§ **About this exercise**
Please copy the data exactly as it stands, minus the images.
.....
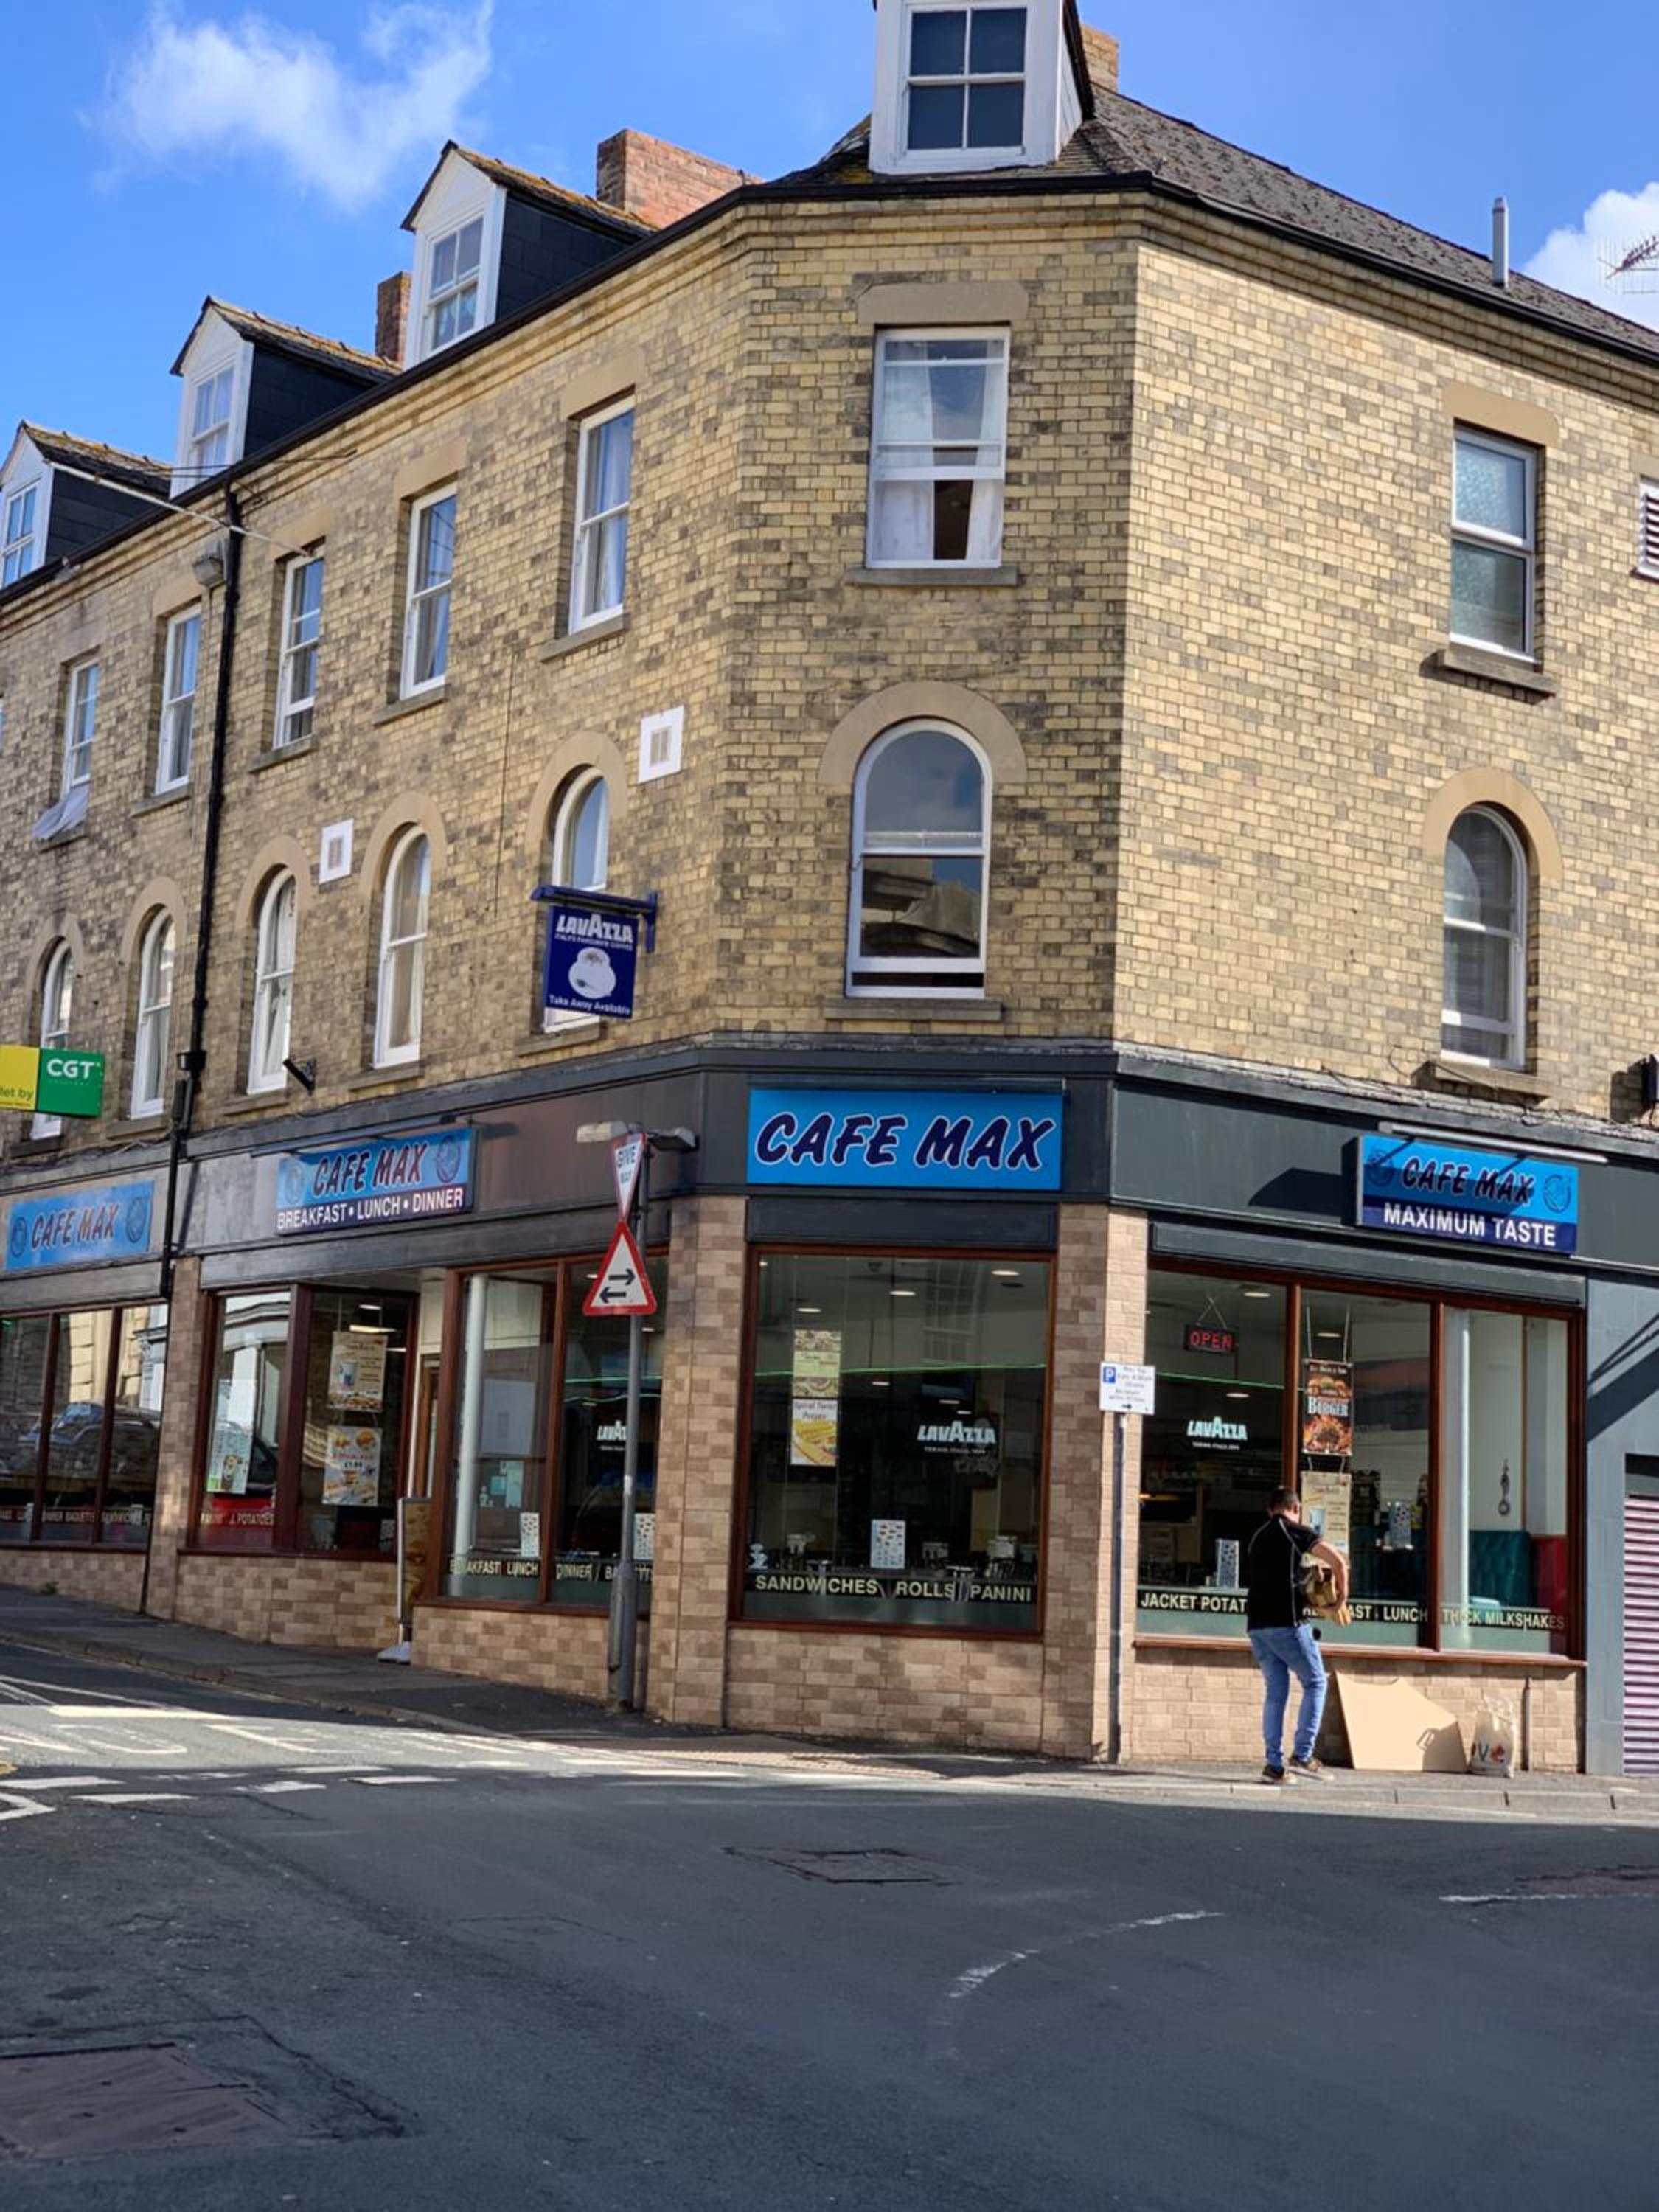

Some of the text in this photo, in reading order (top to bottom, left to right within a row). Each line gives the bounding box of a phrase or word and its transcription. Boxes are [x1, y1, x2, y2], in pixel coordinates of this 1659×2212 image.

[556, 913, 633, 943] LAVAZZA
[549, 995, 568, 1005] Take
[47, 1058, 94, 1079] CGT
[755, 1111, 1056, 1171] CAFE MAX
[313, 1142, 428, 1197] CAFE MAX
[1402, 1155, 1534, 1206] CAFE MAX
[277, 1187, 464, 1230] BREAKFAST LUNCH DINNER
[31, 1203, 119, 1251] CAFE MAX
[1384, 1202, 1557, 1247] MAXIMUM TASTE
[1190, 1331, 1234, 1349] OPEN
[1105, 1368, 1114, 1382] P
[597, 1420, 627, 1441] LAVAZ
[917, 1420, 996, 1444] LAVAZZA
[1186, 1416, 1248, 1441] LAVAZZA
[507, 1561, 538, 1576] LUNCH
[555, 1563, 593, 1580] DINNER
[755, 1575, 1032, 1602] SANDWICHES ROLLS PANINI
[1141, 1593, 1248, 1613] JACKET POTAT
[1383, 1606, 1428, 1621] LUNCH
[1443, 1609, 1565, 1629] THICK MILKSHAKES
.....
§ **Result of this task**
Some of the text in this photo, in reading order (top to bottom, left to right within a row). Each line gives the bounding box of a phrase or word and its transcription. Boxes are [x1, y1, x2, y2], in pixel coordinates of this 1659×2212 image.

[556, 913, 633, 943] LAVAZZA
[549, 995, 568, 1005] Take
[47, 1058, 94, 1079] CGT
[755, 1111, 1056, 1171] CAFE MAX
[313, 1142, 428, 1197] CAFE MAX
[1402, 1155, 1534, 1206] CAFE MAX
[277, 1187, 464, 1230] BREAKFAST LUNCH DINNER
[31, 1203, 119, 1251] CAFE MAX
[1384, 1202, 1557, 1247] MAXIMUM TASTE
[1190, 1331, 1234, 1349] OPEN
[1105, 1368, 1114, 1382] P
[597, 1420, 627, 1441] LAVAZ
[917, 1420, 996, 1444] LAVAZZA
[1186, 1416, 1248, 1441] LAVAZZA
[507, 1561, 538, 1576] LUNCH
[555, 1563, 593, 1580] DINNER
[755, 1575, 1032, 1602] SANDWICHES ROLLS PANINI
[1141, 1593, 1248, 1613] JACKET POTAT
[1383, 1606, 1428, 1621] LUNCH
[1443, 1609, 1565, 1629] THICK MILKSHAKES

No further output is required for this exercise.